# General Business Category > Entrepreneurship and Business Management Forum >  Commercial interest vs principle.

## Dave A

I was just reading the following article which prompted some thoughts on the whole issue of commercial interest vs taking a stand on principle.

It sure can be a tough challenge at times.



> Afrikaans Sunday newspaper Rapport has scrapped writer Deon Maas's column after his piece on satanism prejudiced the paper's commercial interests, its editor said on Thursday.
> 
> Following the appearance of the opinion piece on November 4, readers started an SMS campaign calling for a boycott of sales on Sunday, said editor Tim du Plessis in a statement. 
> 
> "The campaign then targeted Rapport's distributors and agents. It prejudiced Rapport's commercial interests."
> 
> Scores of the newspaper's regular readers reacted and the newspaper took their points of view into account. 
> 
> "Rapport is committed to media freedom, the free expression of opinions and robust debate.

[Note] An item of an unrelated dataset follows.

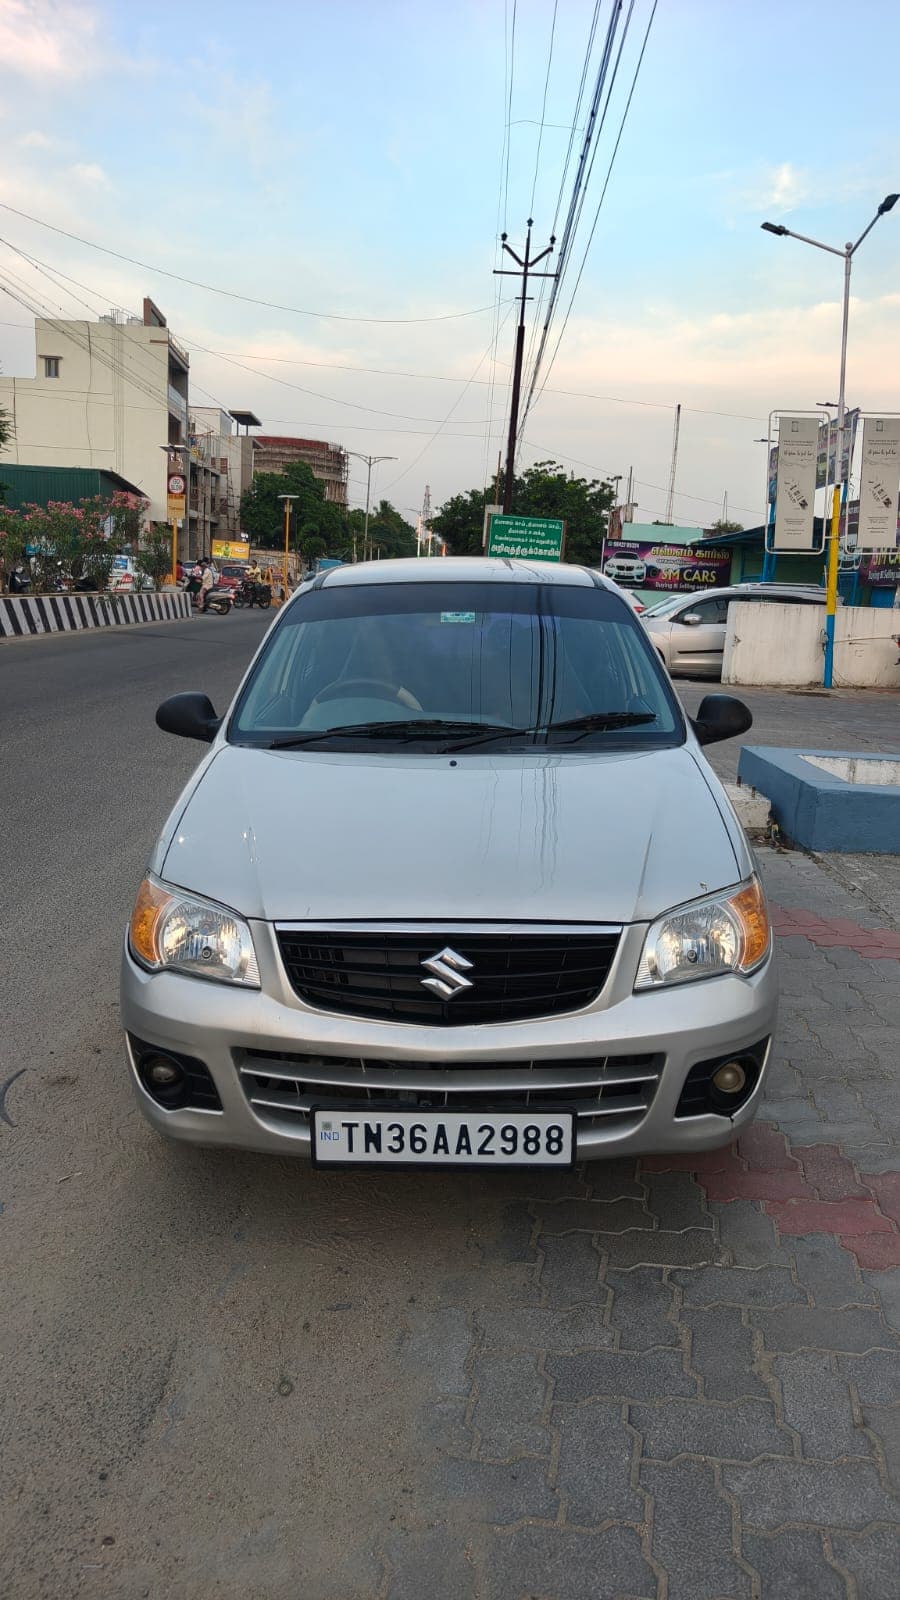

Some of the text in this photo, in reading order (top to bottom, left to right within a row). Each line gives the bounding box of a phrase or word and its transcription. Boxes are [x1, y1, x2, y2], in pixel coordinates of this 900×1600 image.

[661, 567, 717, 582] SM CARS
[320, 1122, 564, 1156] IND TN36AA2988

The orchestrated boycott campaign, however, altered the nature of the question from one of freedom of expression to one of commercial interests," said Du Plessis. 
> ...

----------


## Debbiedle

I think most commercial entities would react like this.  We are in business/commerce to make money.  If something directly opposes our ability to do that 99% of entities will compromise.  This is my opinion, no facts, just speculation, observation and experience.

It is also my belief that 90% of all individuals will back down (or even worse, do a complete turnaround) to save face, even if their ethics/morals/values are being challenged.

----------